• Exercise aim
Below is a listing to repeat exactly, with its pictures left out.

• Provided records
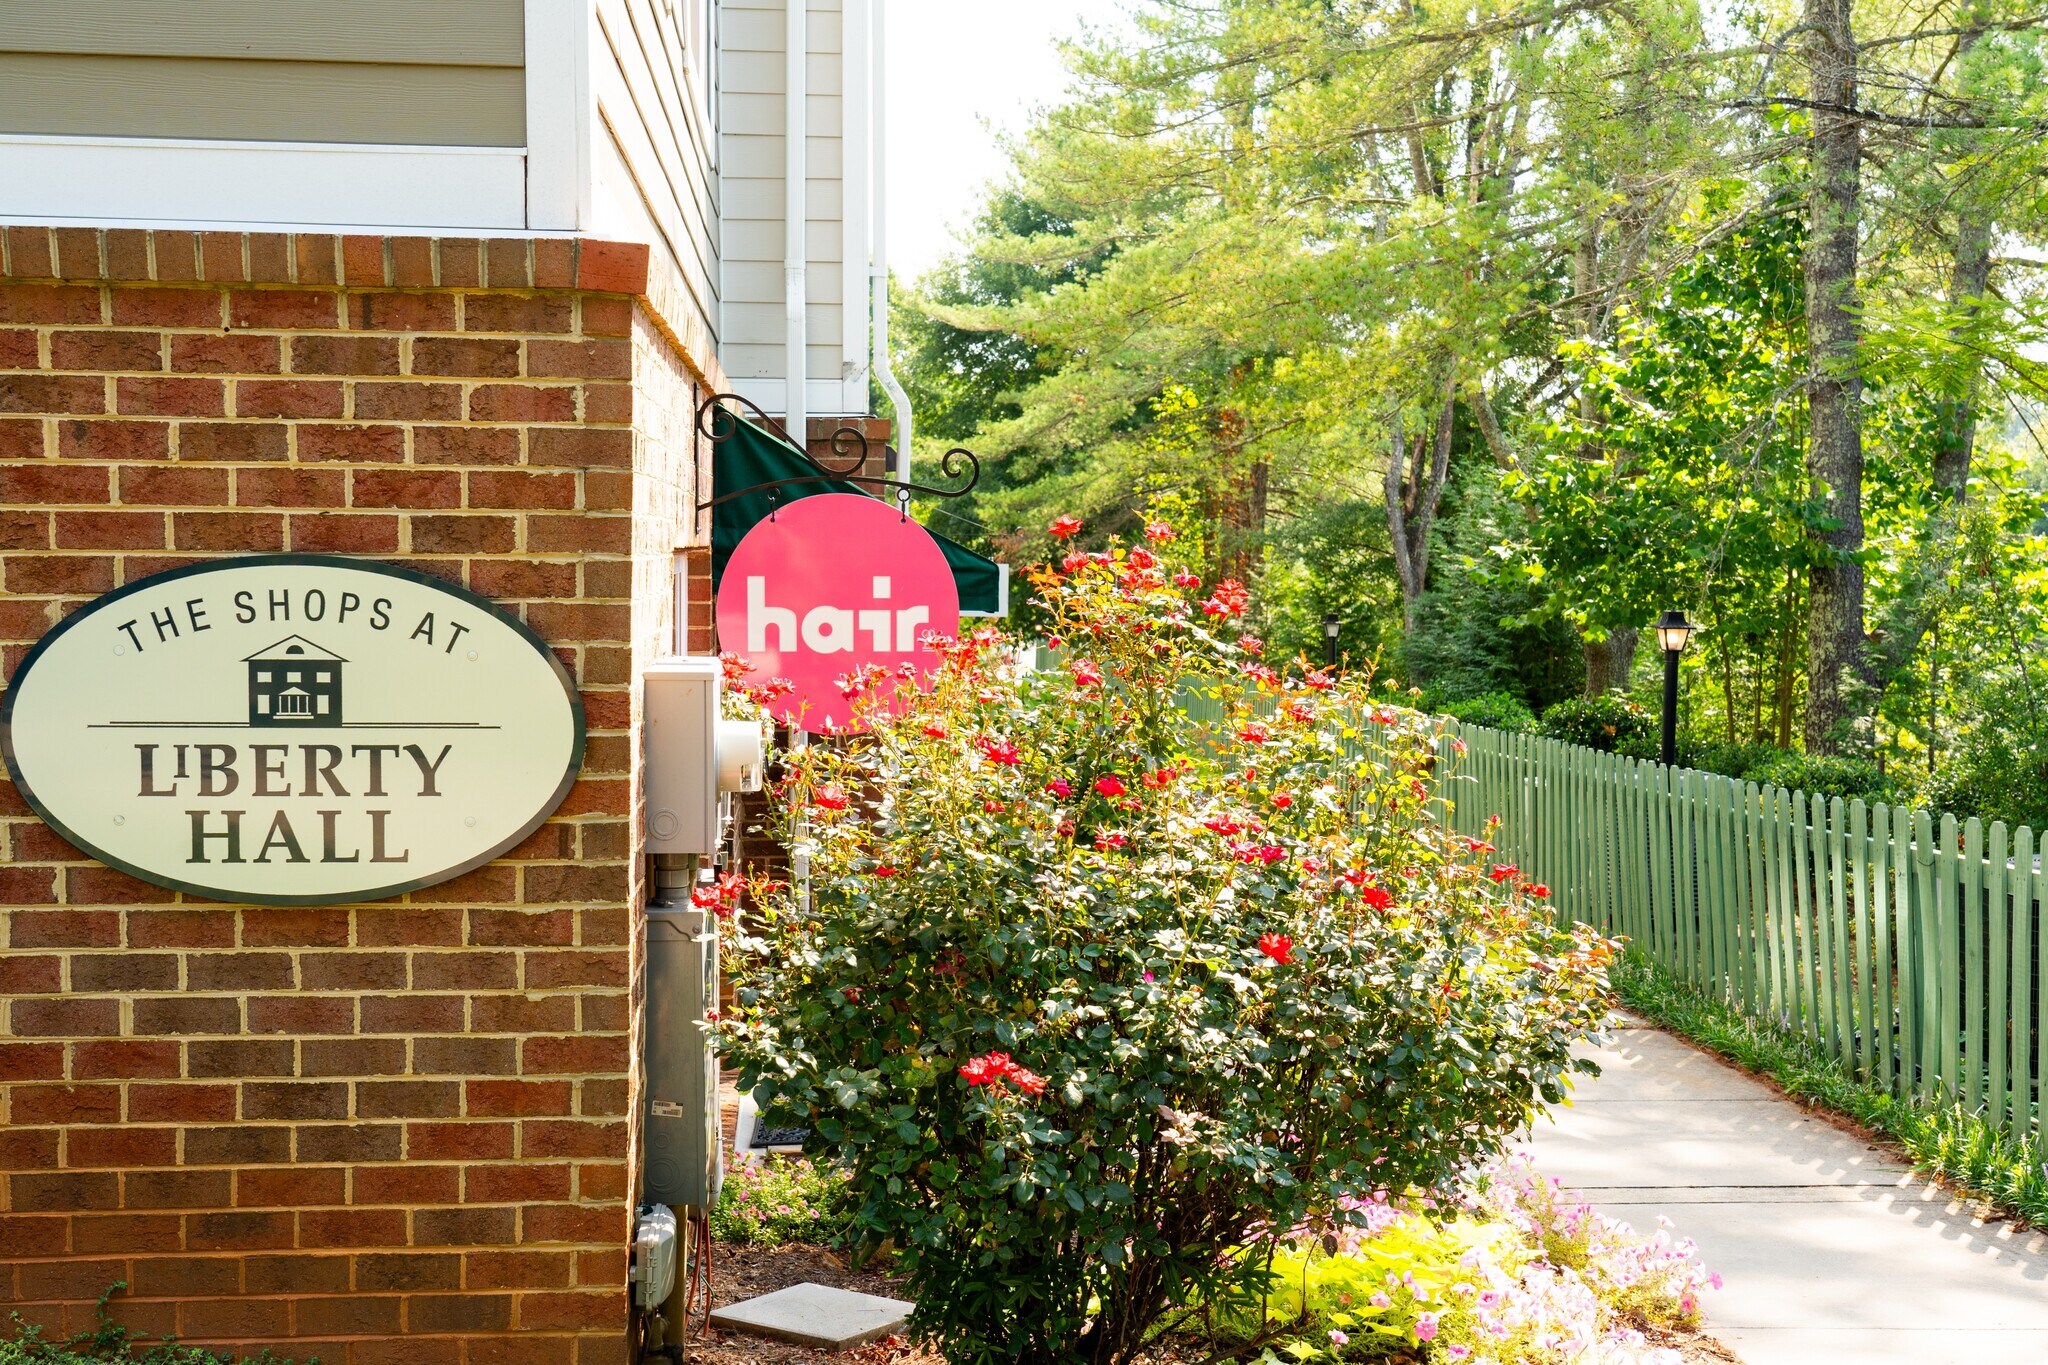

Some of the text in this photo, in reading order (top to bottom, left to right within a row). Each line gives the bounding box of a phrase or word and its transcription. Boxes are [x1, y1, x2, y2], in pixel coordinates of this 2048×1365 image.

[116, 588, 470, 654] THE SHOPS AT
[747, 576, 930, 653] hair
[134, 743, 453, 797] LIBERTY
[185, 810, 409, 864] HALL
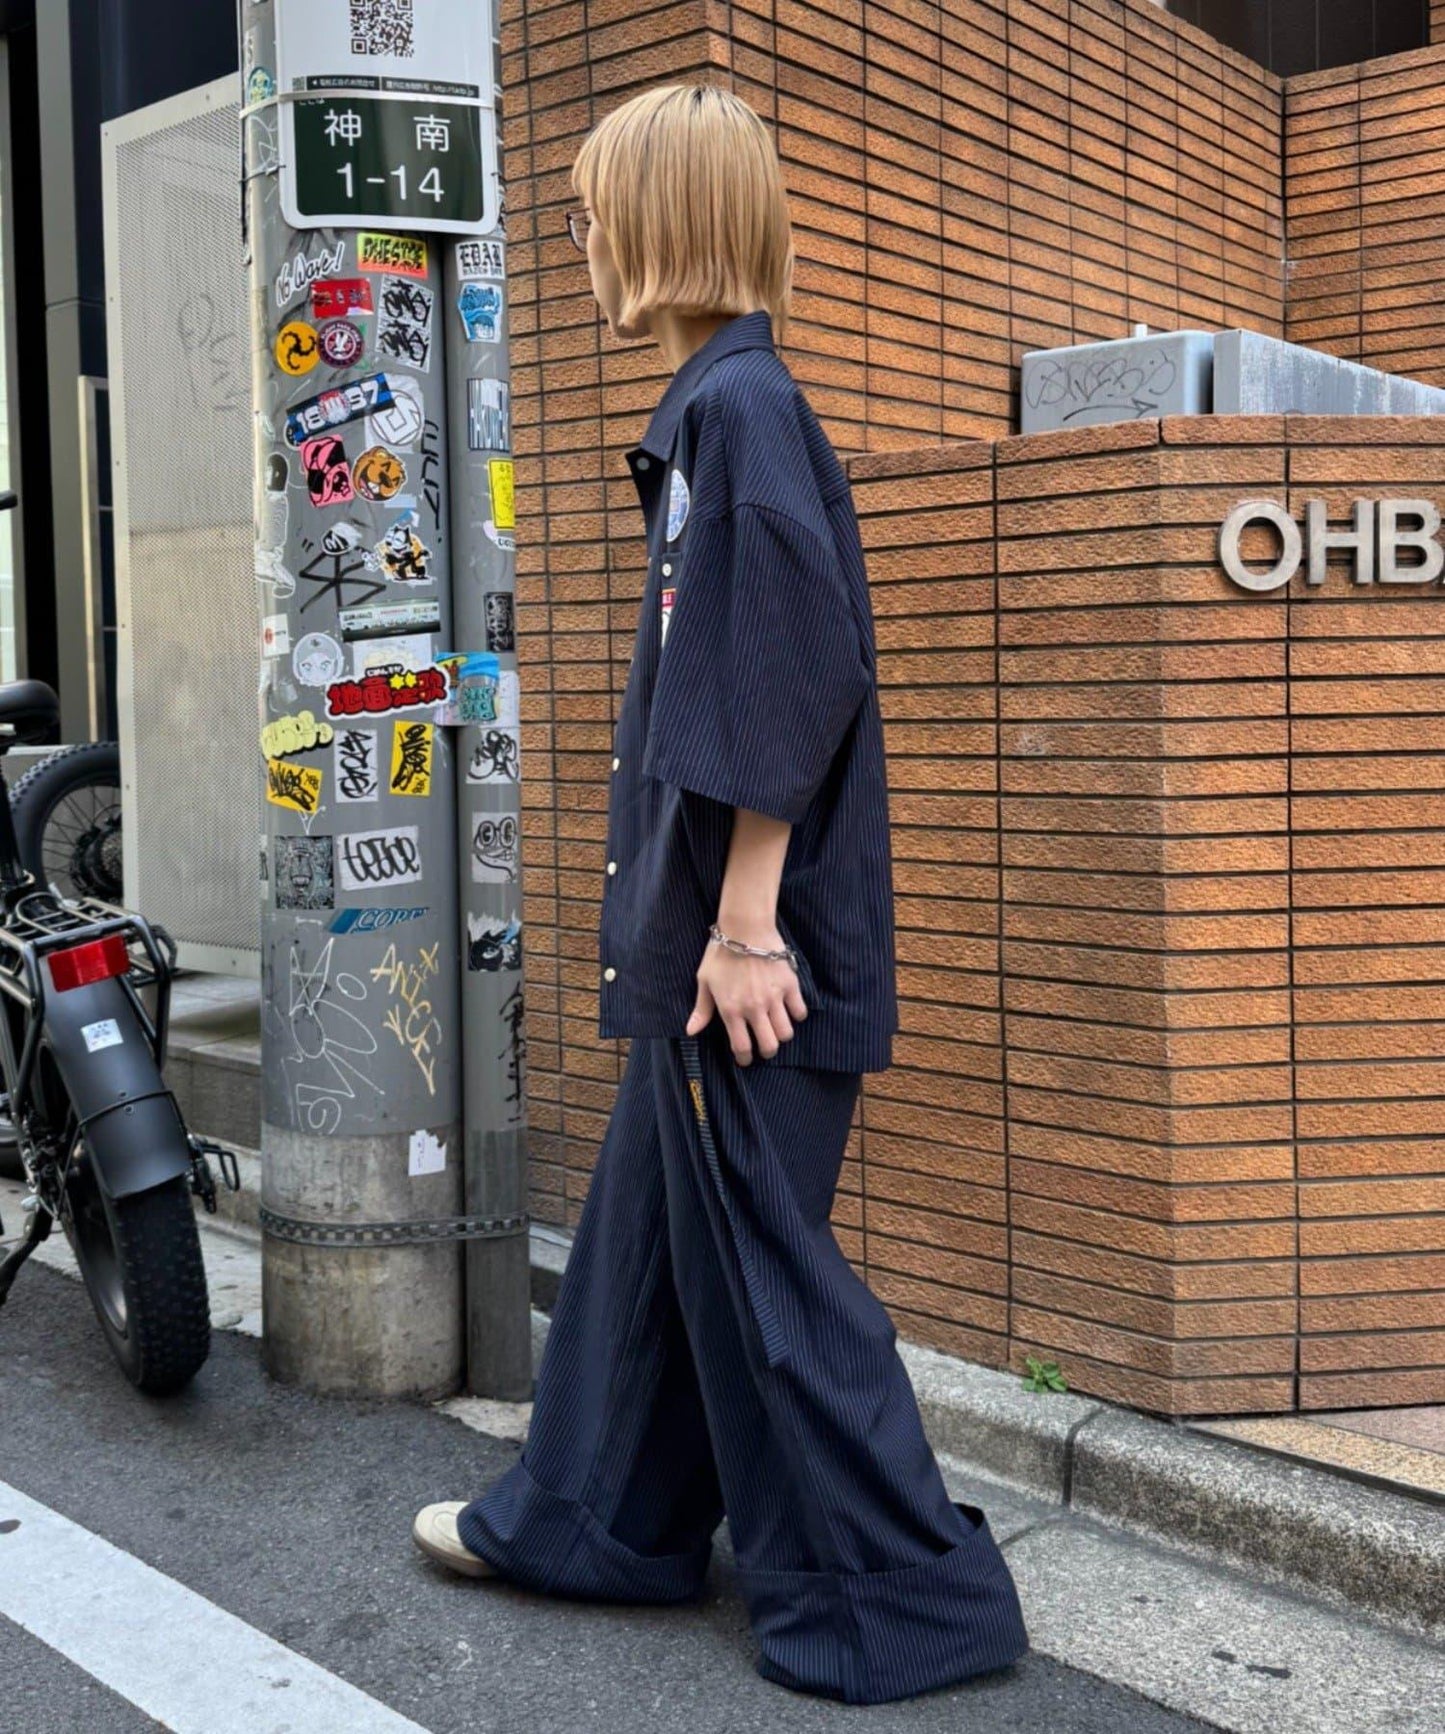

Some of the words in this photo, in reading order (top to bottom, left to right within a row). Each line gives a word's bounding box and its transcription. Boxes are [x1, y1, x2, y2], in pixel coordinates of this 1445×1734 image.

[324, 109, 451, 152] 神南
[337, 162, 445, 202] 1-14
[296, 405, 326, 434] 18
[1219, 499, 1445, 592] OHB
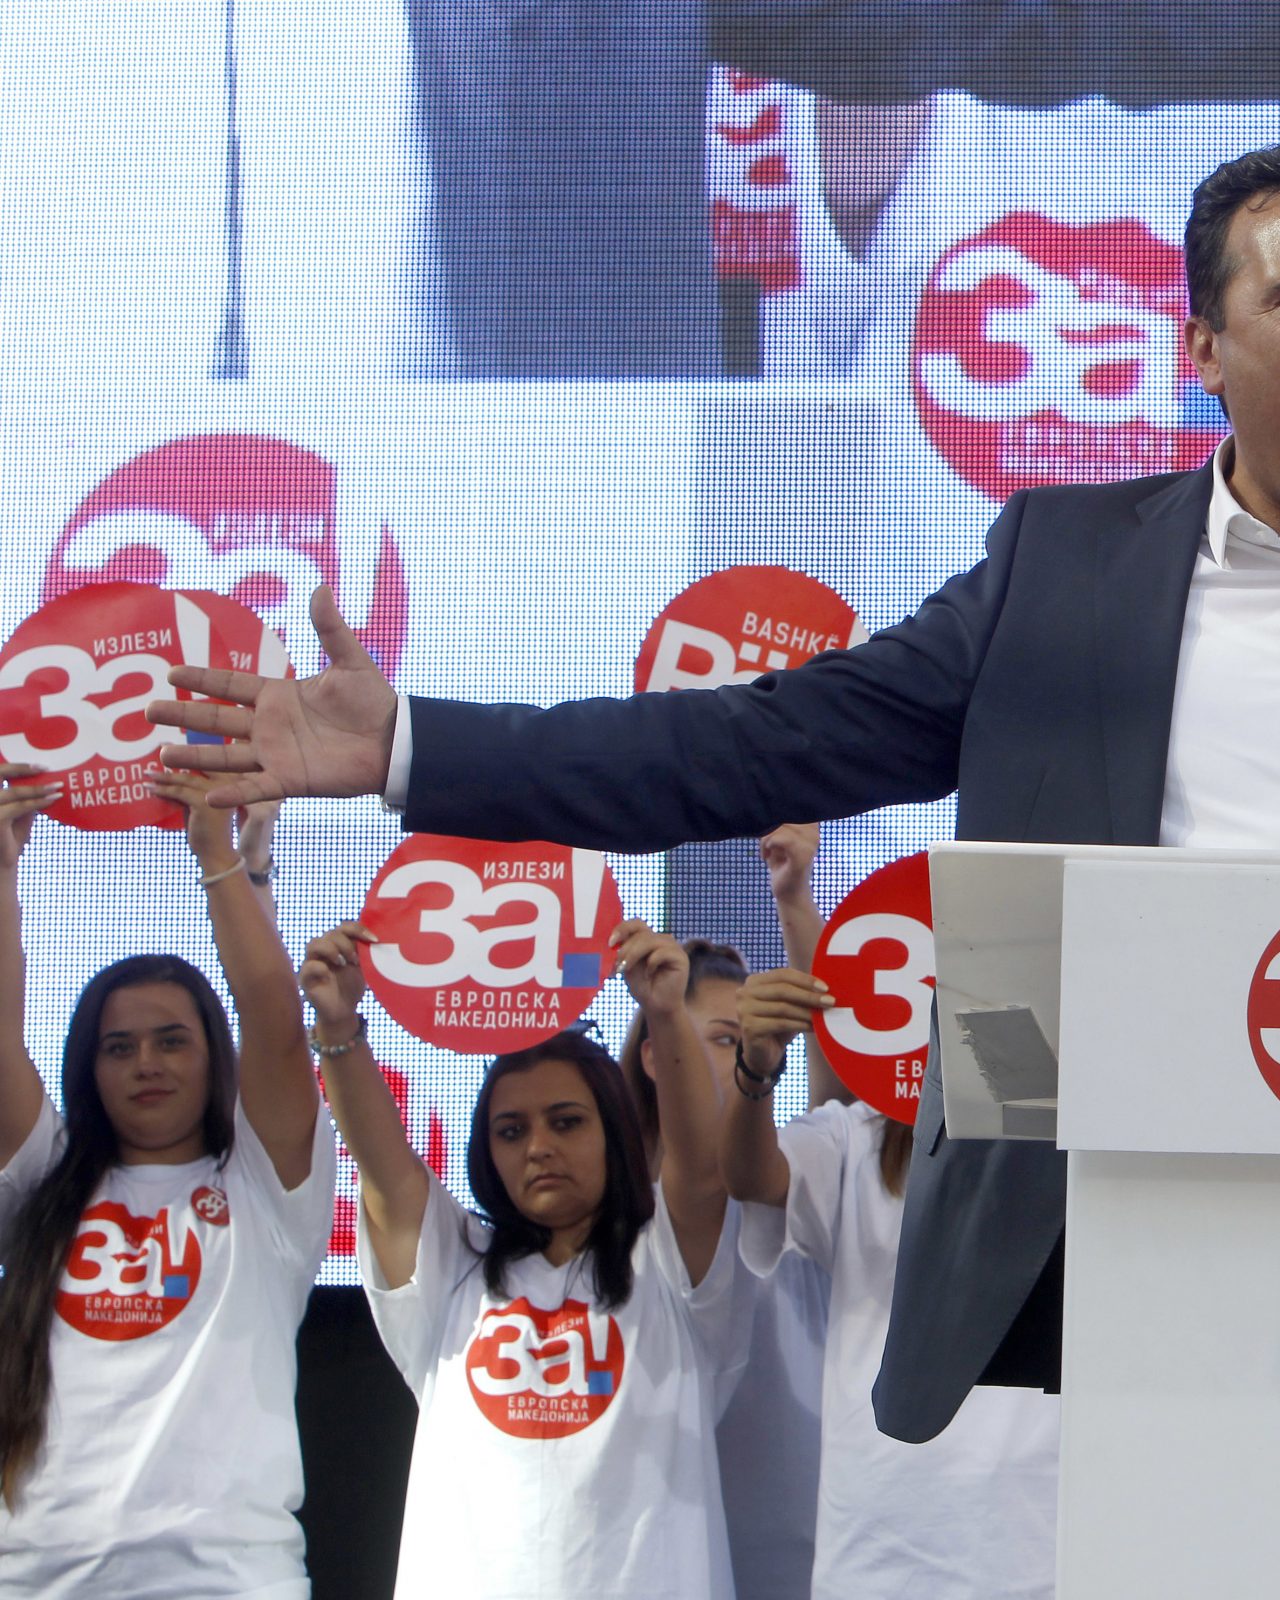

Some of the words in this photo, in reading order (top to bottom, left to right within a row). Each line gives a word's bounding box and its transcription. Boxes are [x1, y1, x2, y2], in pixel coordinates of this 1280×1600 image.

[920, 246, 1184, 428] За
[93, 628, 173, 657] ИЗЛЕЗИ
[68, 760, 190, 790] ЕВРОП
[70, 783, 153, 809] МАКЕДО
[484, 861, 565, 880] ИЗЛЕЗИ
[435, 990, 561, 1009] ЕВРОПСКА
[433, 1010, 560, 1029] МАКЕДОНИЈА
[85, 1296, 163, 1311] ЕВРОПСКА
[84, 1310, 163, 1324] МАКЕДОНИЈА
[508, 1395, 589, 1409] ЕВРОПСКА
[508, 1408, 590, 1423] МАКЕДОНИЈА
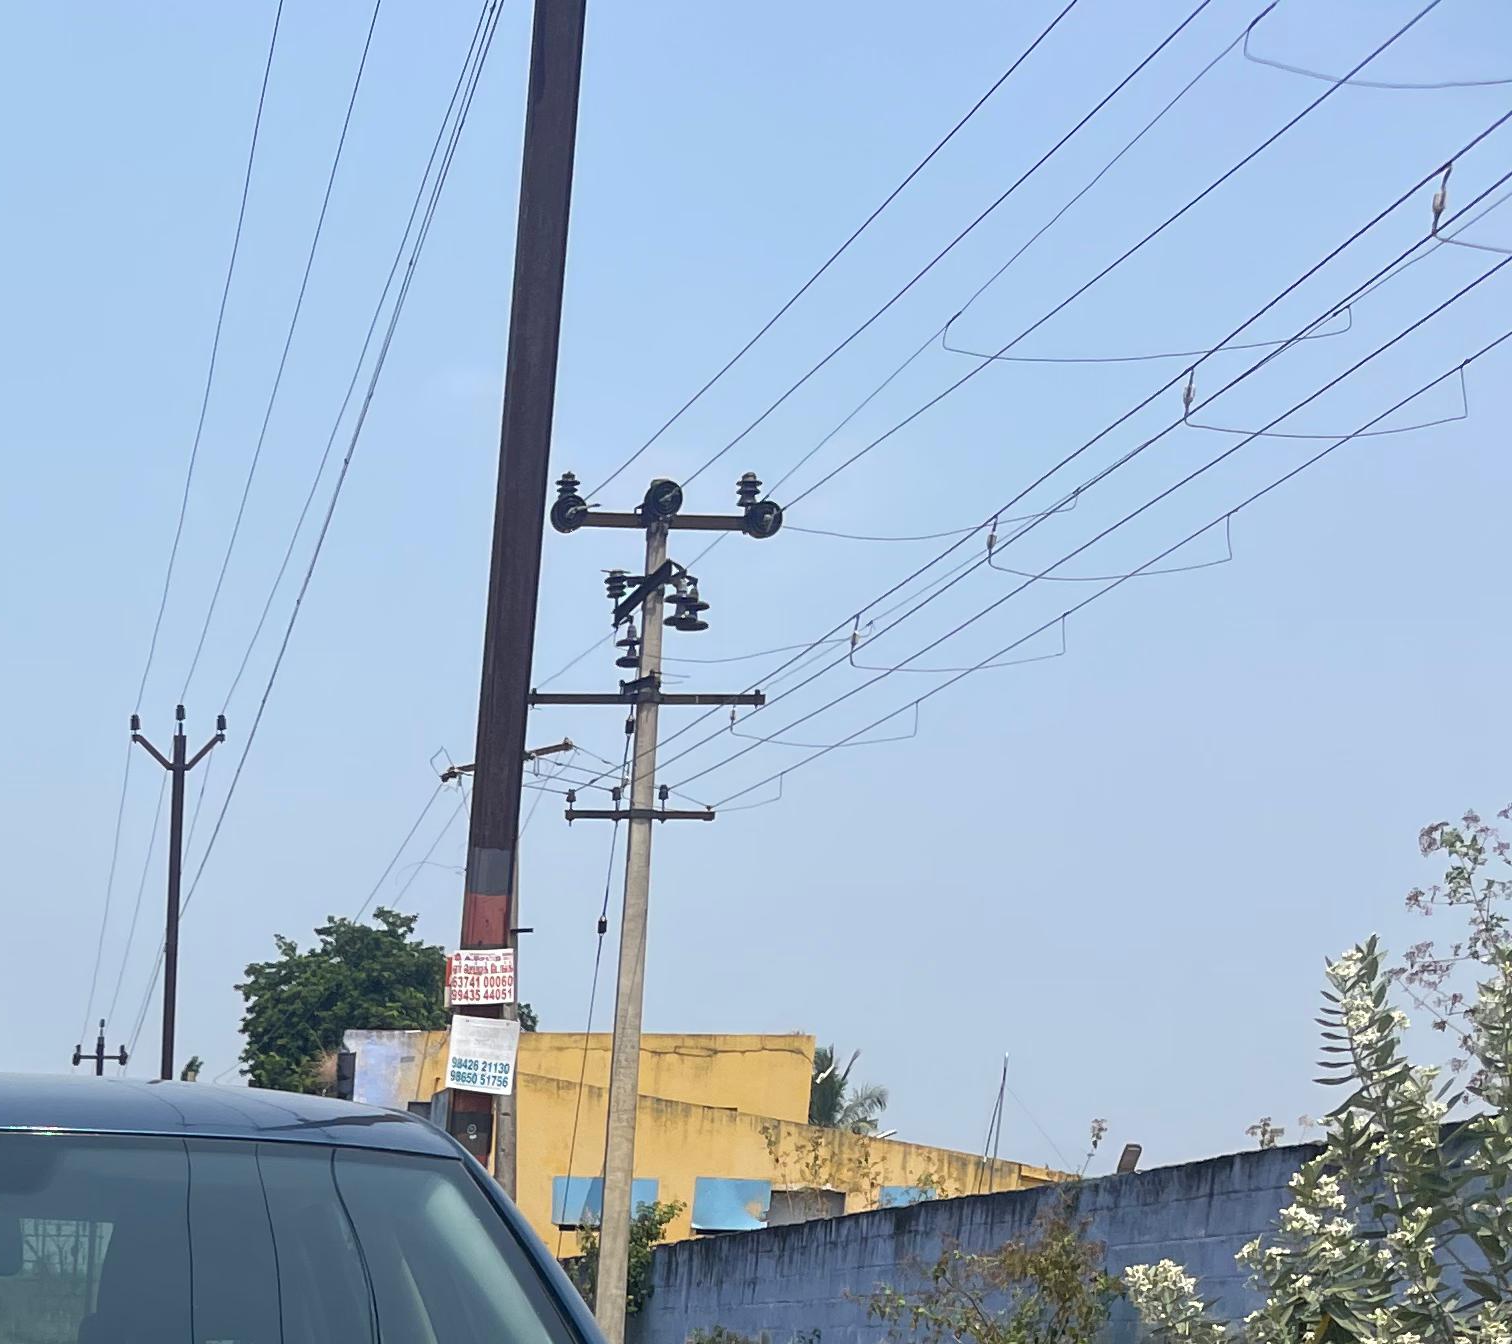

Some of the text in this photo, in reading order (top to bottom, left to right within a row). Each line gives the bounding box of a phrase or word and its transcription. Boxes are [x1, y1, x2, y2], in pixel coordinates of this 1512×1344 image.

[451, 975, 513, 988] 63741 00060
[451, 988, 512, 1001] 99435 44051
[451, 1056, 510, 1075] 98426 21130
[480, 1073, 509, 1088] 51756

• Answer area
Some of the text in this photo, in reading order (top to bottom, left to right within a row). Each line gives the bounding box of a phrase or word and its transcription. Boxes are [x1, y1, x2, y2], in pixel coordinates of this 2048×1365 image.

[116, 588, 470, 654] THE SHOPS AT
[747, 576, 930, 653] hair
[134, 743, 453, 797] LIBERTY
[185, 810, 409, 864] HALL

Some of the words in this photo, in reading order (top to bottom, left to right within a row). Each line gives a word's bounding box and its transcription. Boxes are [x1, y1, x2, y2], in pixel coordinates of this 1445×1734 image.

[324, 109, 451, 152] 神南
[337, 162, 445, 202] 1-14
[296, 405, 326, 434] 18
[1219, 499, 1445, 592] OHB

Some of the words in this photo, in reading order (top to bottom, left to right within a row). Each line gives a word's bounding box and its transcription. Boxes are [x1, y1, x2, y2], in pixel coordinates of this 1280×1600 image.

[920, 246, 1184, 428] За
[93, 628, 173, 657] ИЗЛЕЗИ
[68, 760, 190, 790] ЕВРОП
[70, 783, 153, 809] МАКЕДО
[484, 861, 565, 880] ИЗЛЕЗИ
[435, 990, 561, 1009] ЕВРОПСКА
[433, 1010, 560, 1029] МАКЕДОНИЈА
[85, 1296, 163, 1311] ЕВРОПСКА
[84, 1310, 163, 1324] МАКЕДОНИЈА
[508, 1395, 589, 1409] ЕВРОПСКА
[508, 1408, 590, 1423] МАКЕДОНИЈА

Some of the text in this photo, in reading order (top to bottom, left to right within a row). Each line gives the bounding box of a phrase or word and its transcription. Boxes are [x1, y1, x2, y2], in pixel coordinates of this 1512×1344 image.

[451, 975, 513, 988] 63741 00060
[451, 988, 512, 1001] 99435 44051
[451, 1056, 510, 1075] 98426 21130
[480, 1073, 509, 1088] 51756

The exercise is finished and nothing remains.